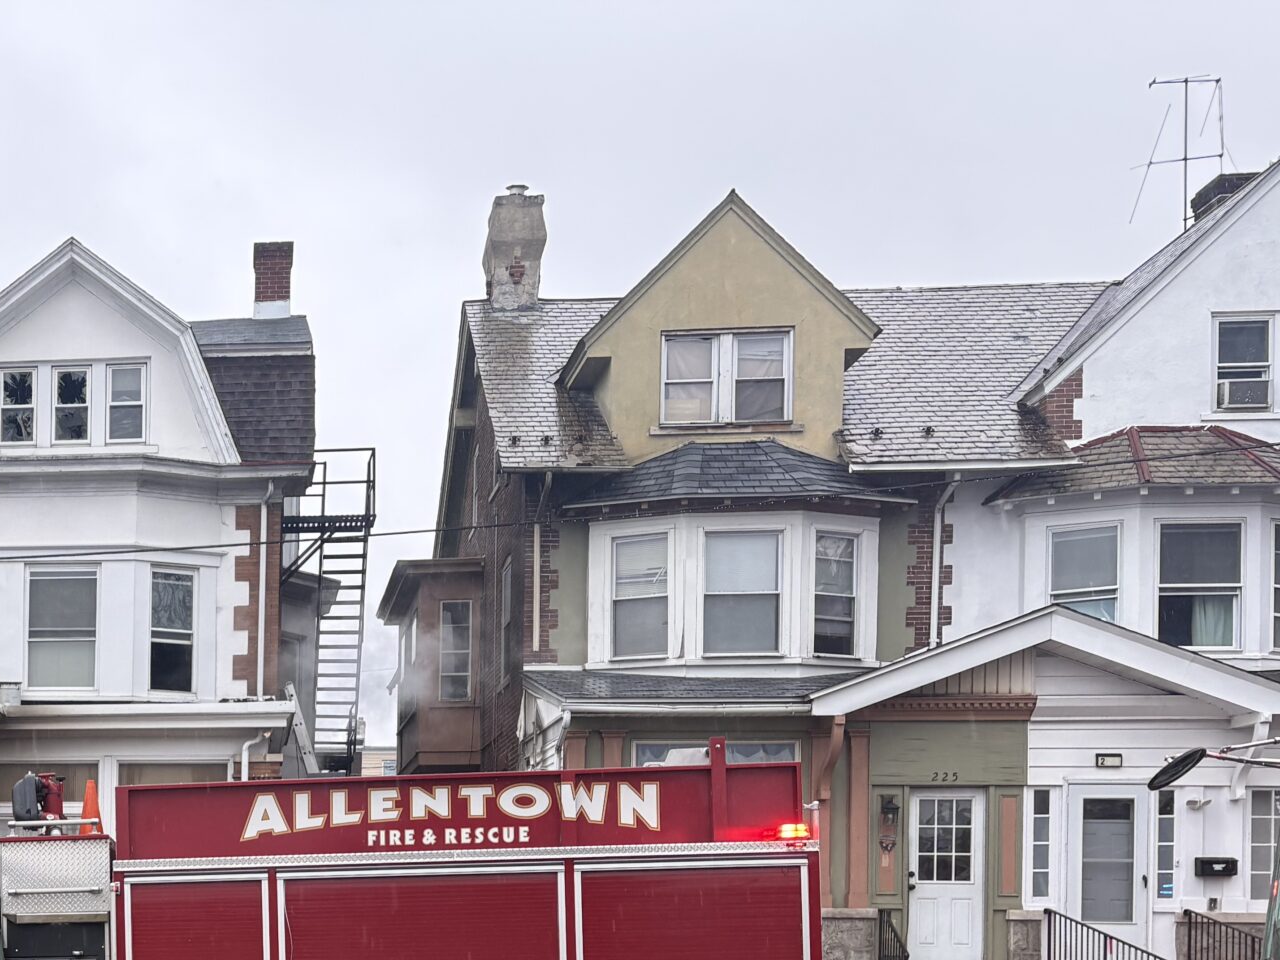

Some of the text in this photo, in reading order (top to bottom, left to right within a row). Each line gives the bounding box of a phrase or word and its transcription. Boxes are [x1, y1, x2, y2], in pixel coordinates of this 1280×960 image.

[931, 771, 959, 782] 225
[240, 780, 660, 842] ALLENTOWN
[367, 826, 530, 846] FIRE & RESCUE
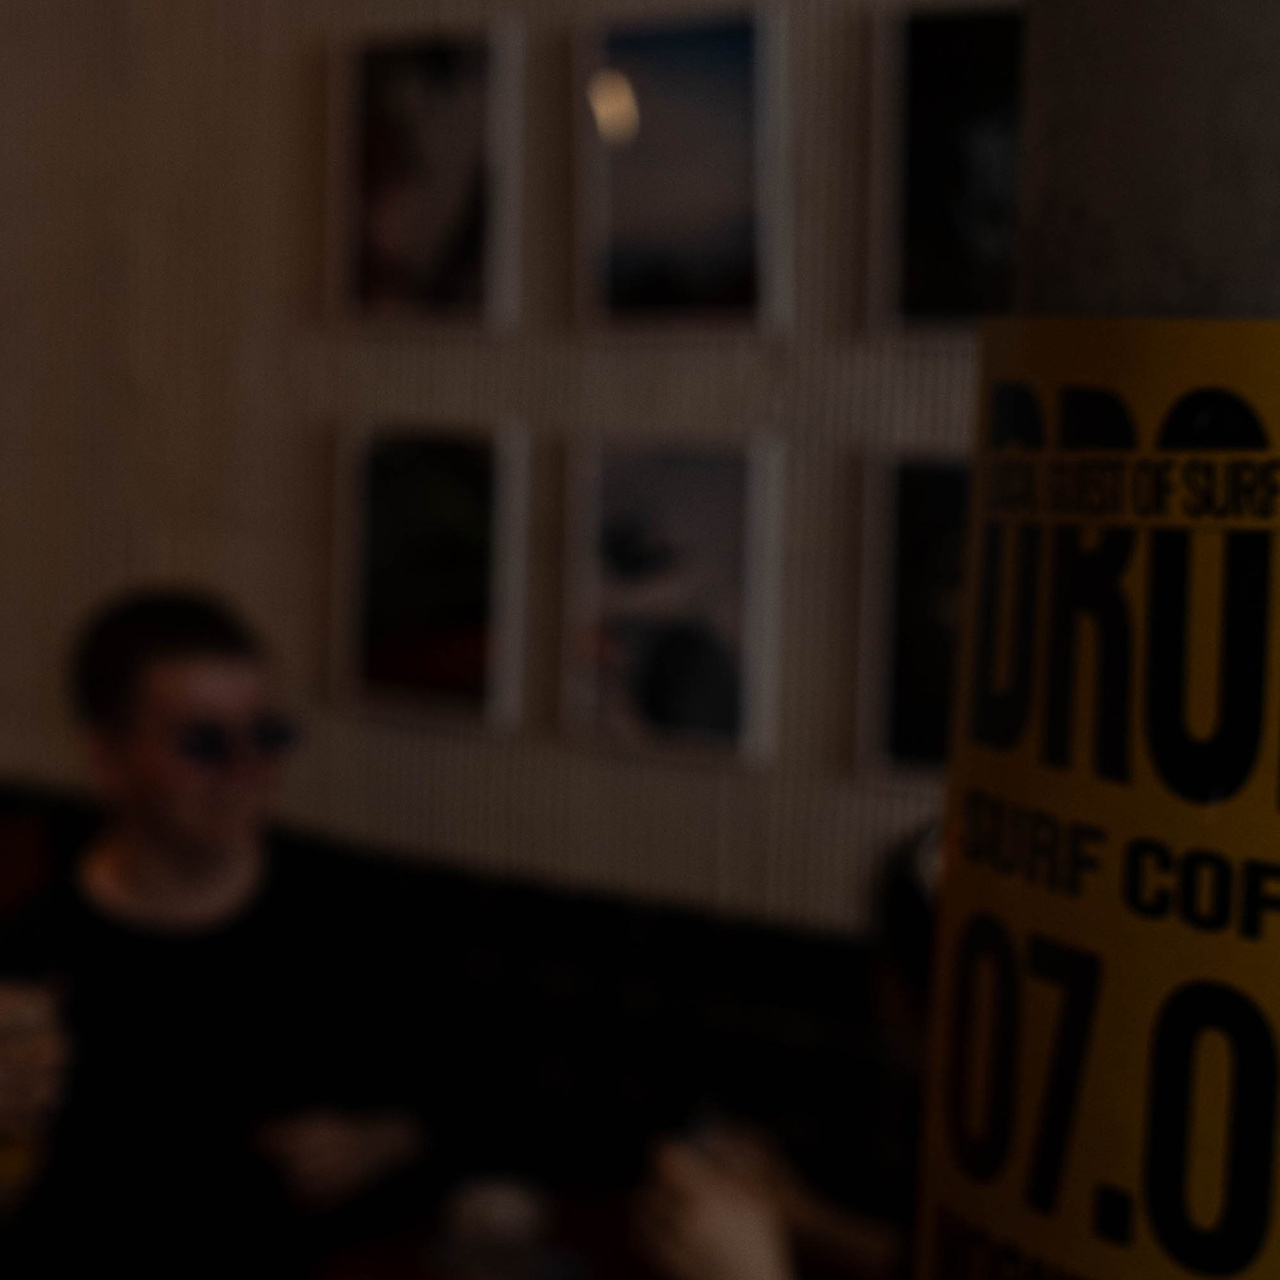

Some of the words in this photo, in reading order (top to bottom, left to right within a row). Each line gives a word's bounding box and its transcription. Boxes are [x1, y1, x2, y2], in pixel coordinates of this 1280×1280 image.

━━━━━━━━

EXERCISE OBJECTIVE:
An unchanged copy of the data, images excluded, is all that should be given.

OUTPUT BELOW:
Some of the text in this photo, in reading order (top to bottom, left to right within a row). Each line gives the bounding box of a phrase or word and its transcription. Boxes are [x1, y1, x2, y2], in pixel coordinates of this 1280×960 image.

[931, 771, 959, 782] 225
[240, 780, 660, 842] ALLENTOWN
[367, 826, 530, 846] FIRE & RESCUE

Some of the words in this photo, in reading order (top to bottom, left to right within a row). Each line gives a word's bounding box and its transcription. Boxes are [x1, y1, x2, y2], in pixel coordinates of this 1280×1280 image.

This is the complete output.